DEVELOPMENT OF PHARMACOPHORE MODELS FOR PREDICTING HIV-1 REVERSE TRANSCRIPTASE INHIBITORY ACTIVITY OF PYRIDINONE DERIVATIVES

In order to understand the essential structural features of human immunodeficiency virus-1 reverse transcriptase (HIV-1 RT) inhibitors, three-dimensional (3D) pharmacophore hypotheses were built based on a set of known HIV-1 RT inhibitors selected from literature using PHASE program. Ten four-point 3D pharmacophore models, each with one hydrogen bond acceptor (A), one hydrogen bond donor (D), one hydrophobic group (H), and one aromatic ring (R) as pharmacophore features were developed. Among these, the hypothetical pharmacophore ADHR1 yielded a statistically significant hypothesis with correlation coefficient R(2) = 0.918 value, which was considered to be the best pharmacophore hypothesis.
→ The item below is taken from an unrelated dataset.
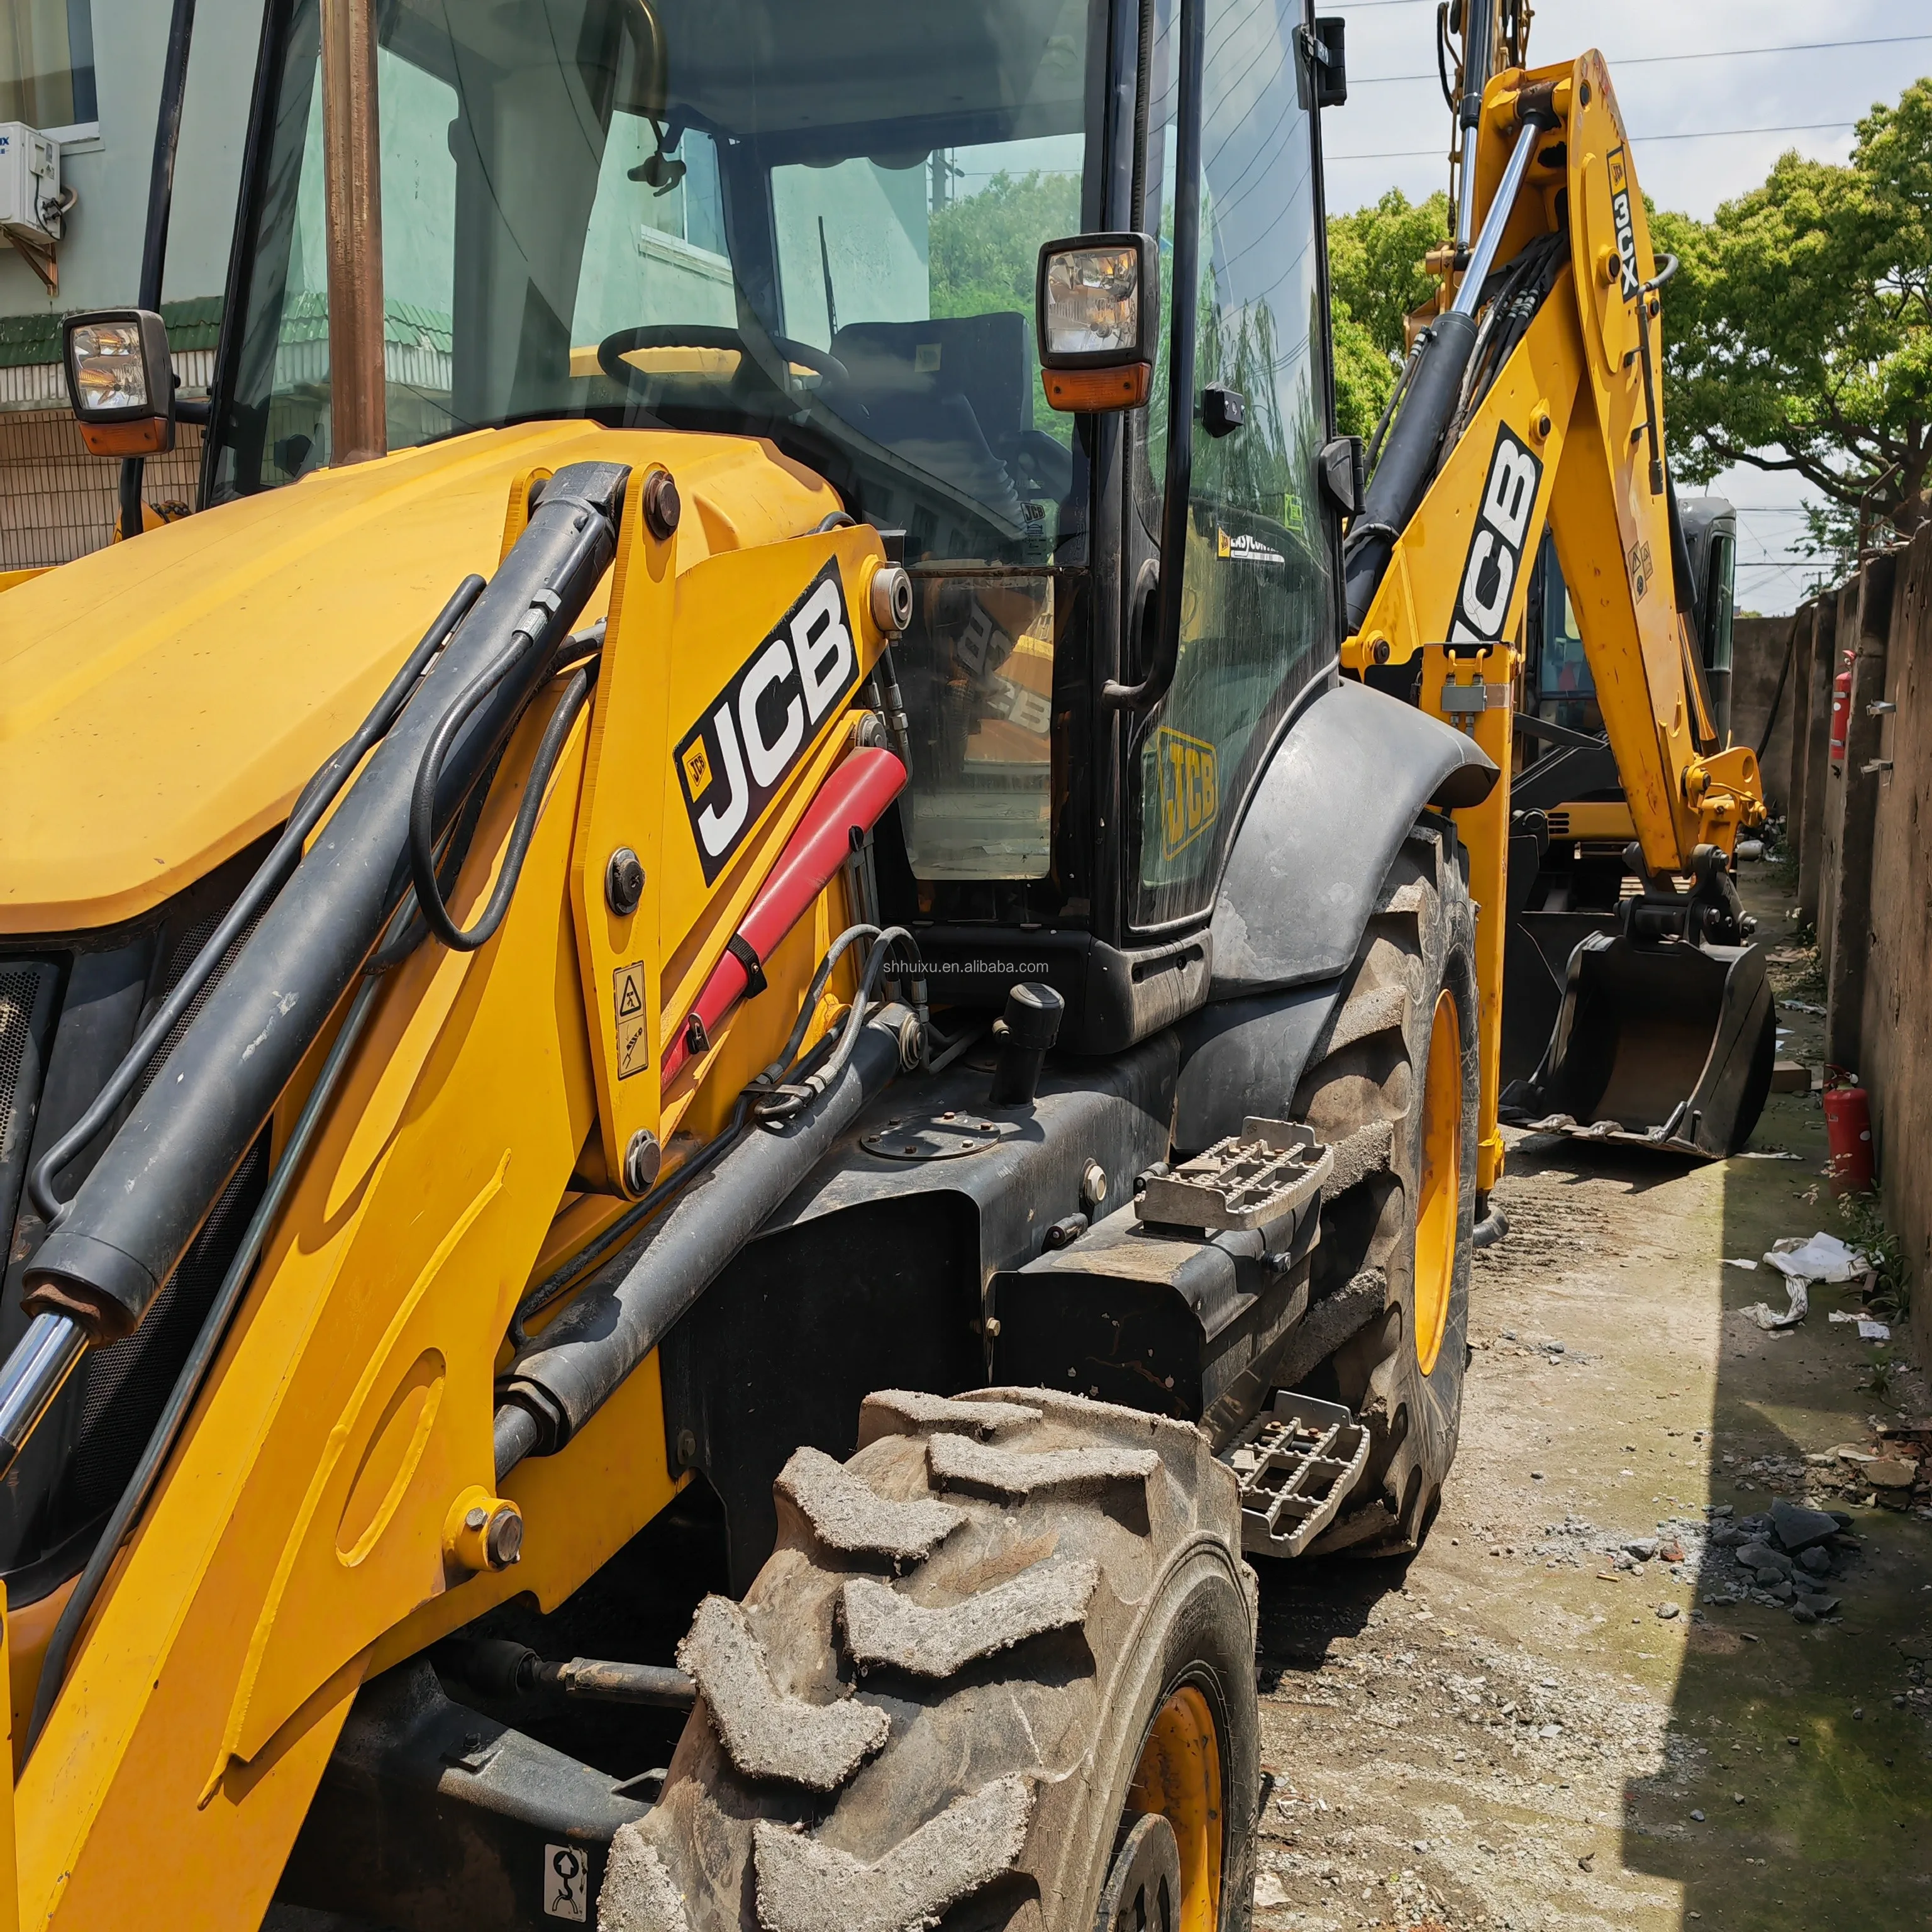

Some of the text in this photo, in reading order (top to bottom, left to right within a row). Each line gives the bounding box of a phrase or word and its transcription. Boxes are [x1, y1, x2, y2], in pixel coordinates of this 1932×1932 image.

The developed pharmacophore hypothesis was externally validated by predicting the activity of test set molecules. The squared predictive correlation coefficient of 0.743 was observed between experimental and predicted activity values of test set molecules. The geometry and features of pharmacophore hypothesis were expected to be useful for the design of selective HIV-1 RT inhibitors.